The dungeon crawling of course is the main attraction and that is pretty solid. There’s about 50 levels total divided into 8 areas (plus an extra post-game dungeon I didn’t do) that are both of the “worm tunnel” and wall sharing variety. Battles seem random at first, but they actually aren’t. You can get various “skills” to help with exploration with the first being the permanent ability to see monsters. They do repopulate the dungeon (and also leave it) so it isn’t possible to clear out a level.

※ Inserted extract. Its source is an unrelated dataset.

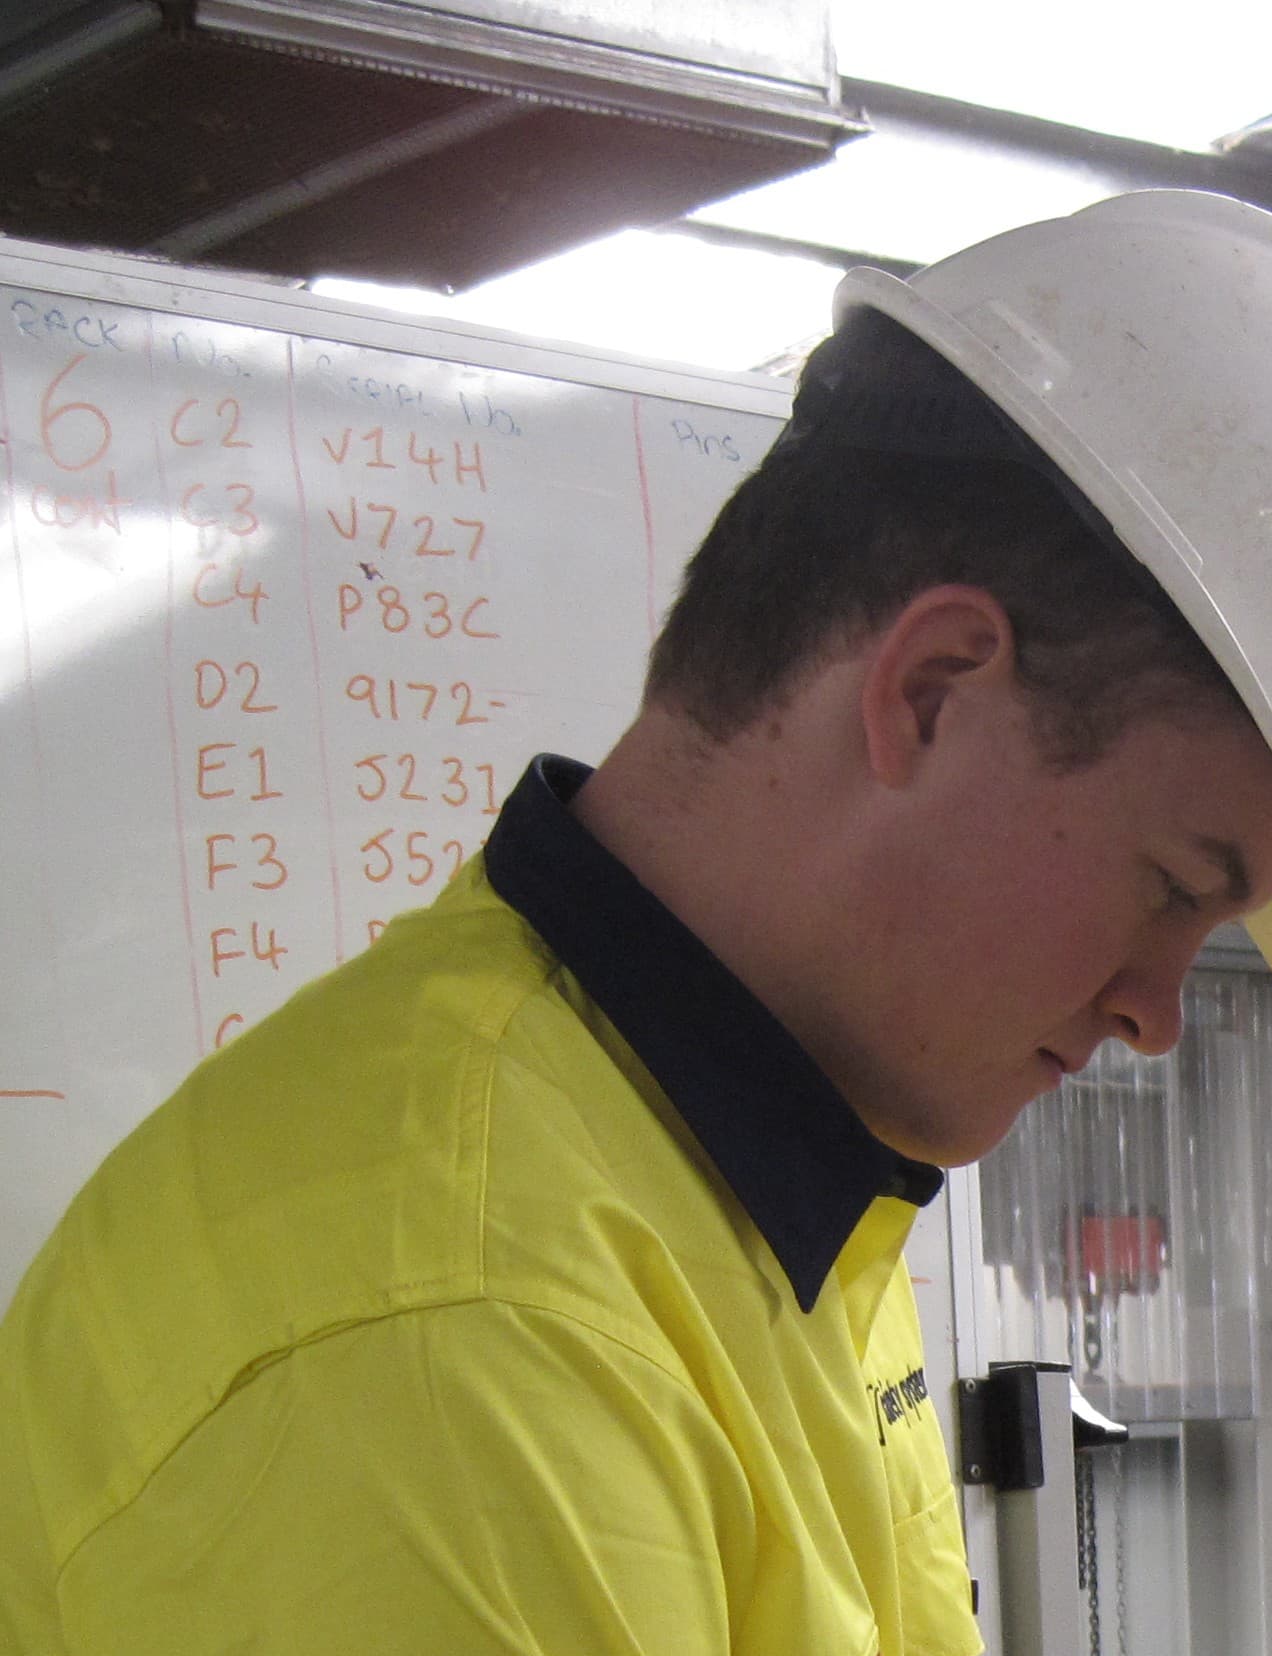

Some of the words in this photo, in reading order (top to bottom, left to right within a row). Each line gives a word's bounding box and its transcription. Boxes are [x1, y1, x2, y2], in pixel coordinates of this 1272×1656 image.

Tractie also doesn’t actually do the fighting either and controls a group of “puppet soldiers” divided into “covens”. There’s a selection of 8 classes with another 2 becoming unlocked later on. They all have weird names, but fall into standard types although the vast majority are some type of physical attacker. You have 5 slots for covens which can hold up to three puppets each. You have to collect “coven pacts” though and can’t just slot them however you want. Spells are also attached to covens and not characters which I didn't like. It’s also worth mentioning that on top of critical hits, there’s also gore hits which maim you puppets and decreases their maximum HP and other negative effects until repaired. They still look human which makes it a little disturbing. You can do them to monsters too though although there’s no graphical change or anything.
My main issue is that everything is way too complicated. Puppets have so much attached to them like a stance that gives stat boosts and hindrances, a stat growth modifier, a nature that controls equipment stat boosts and even a lucky number that comes into play in some places! They also have a “soul clarity” level which greatly affects stat growth and only gets boosted by resetting their level to 1. However, in order to get the largest boost and to pass on the largest number of the passive skills, you need to do that at level 99 and four times to get maximum clarity! This is honestly not particularly difficult for 99% of it and so many of these mechanics only matter for the extra content or on the highest difficulty.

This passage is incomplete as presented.